Arête Industries, Inc.

April 13, 2012

Page 8

 

Ryder Scott actively participates in industry related professional societies and organizes an annual public forum focused on the subject of reserves evaluations and SEC regulations. Many of our staff have authored or co-authored technical papers on the subject of reserves related topics. We encourage our staff to maintain and enhance their professional skills by actively participating in ongoing continuing education.

Prior to becoming an officer of the Company, Ryder Scott requires that staff engineers and geoscientists have received professional accreditation in the form of a registered or certified professional engineer’s license or a registered or certified professional geoscientist’s license, or the equivalent thereof, from an appropriate governmental authority or a recognized self-regulating professional organization.

We are independent petroleum engineers with respect to Arête. Neither we nor any of our employees have any interest in the subject properties, and neither the employment to do this work nor the compensation is contingent on our estimates of reserves for the properties which were reviewed.

The results of this study, presented herein, are based on technical analysis conducted by teams of geoscientists and engineers from Ryder Scott. The professional qualifications of the undersigned, the technical person primarily responsible for preparing the reserves information discussed in this report, are included as an attachment to this letter.


 

Arête Industries, Inc.

April 13, 2012

Page 9

 

Terms of Usage

The results of our third party study, presented in report form herein, were prepared in accordance with the disclosure requirements set forth in the SEC regulations and intended for public disclosure as an exhibit in filings made with the SEC by Arête.
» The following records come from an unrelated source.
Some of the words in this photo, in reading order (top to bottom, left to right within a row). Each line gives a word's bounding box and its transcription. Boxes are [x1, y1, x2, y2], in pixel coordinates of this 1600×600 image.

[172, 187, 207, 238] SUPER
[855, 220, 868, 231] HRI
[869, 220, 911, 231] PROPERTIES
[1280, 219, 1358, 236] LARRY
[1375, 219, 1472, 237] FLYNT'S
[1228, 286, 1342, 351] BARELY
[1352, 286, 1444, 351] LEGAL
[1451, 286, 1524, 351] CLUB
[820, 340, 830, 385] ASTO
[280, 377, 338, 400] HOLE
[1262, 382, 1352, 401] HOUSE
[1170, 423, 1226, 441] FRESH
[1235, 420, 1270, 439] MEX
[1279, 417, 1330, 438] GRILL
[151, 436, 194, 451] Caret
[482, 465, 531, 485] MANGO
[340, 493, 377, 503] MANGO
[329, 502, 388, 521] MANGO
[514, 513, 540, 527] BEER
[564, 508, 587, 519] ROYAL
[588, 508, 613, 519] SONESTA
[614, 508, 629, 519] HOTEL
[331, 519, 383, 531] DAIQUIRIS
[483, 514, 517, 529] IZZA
We have provided Arête with a digital version of the original signed copy of this report letter. In the event there are any differences between the digital version included in filings made by Arête and the original signed report letter, the original signed report letter shall control and supersede the digital version.

The data and work papers used in the preparation of this report are available for examination by authorized parties in our offices. Please contact us if we can be of further service.

 

  

Very truly yours,

 

RYDER SCOTT COMPANY, L.P.

TBPE Firm Registration No. F-1580

 

[SEAL]

  

\s\ Thomas E. Venglar

Thomas E. Venglar, P.E.

CO License No. 28846

Senior Petroleum Engineer

Approved:

\s\ James L. Baird, P.E.

James L. Baird, P.E.

Managing Senior Vice President


Professional Qualifications of Primary Technical Person

The conclusions presented in this report are the result of technical analysis conducted by teams of geoscientists and engineers from Ryder Scott Company, L.P. Thomas E. Venglar was the primary technical person responsible for overseeing the estimate of the future net reserves and income.
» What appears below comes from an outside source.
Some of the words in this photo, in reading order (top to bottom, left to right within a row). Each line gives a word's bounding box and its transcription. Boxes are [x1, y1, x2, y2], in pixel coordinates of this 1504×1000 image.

Mr. Venglar, an employee of Ryder Scott Company L.P. (Ryder Scott) beginning in 2006, is a Senior Petroleum Engineer responsible for coordinating and supervising staff and consulting engineers of the company in ongoing reservoir evaluation studies. Before joining Ryder Scott, Venglar served in a number of engineering positions with Grynberg Petroleum Company and Anadarko Petroleum Corporation. For more information regarding Mr. Venglar’s geographic and job specific experience, please refer to the Ryder Scott Company website at www.ryderscott.com/Experience/Employees.

Venglar earned a Bachelor of Science degree in Petroleum Engineering from Texas A&M University in 1979 and is a registered Professional Engineer in the state of Colorado. He is also a member of the Society of Petroleum Engineers.

Based on his educational background, professional training and more than 30 years of practical experience in the estimation and evaluation of petroleum reserves, Venglar has attained the professional qualifications as a Reserves Estimator and Reserves Auditor as set forth in Article III of the “Standards Pertaining to the Estimating and Auditing of Oil and Gas Reserves Information” promulgated by the Society of Petroleum Engineers as of February 19, 2007.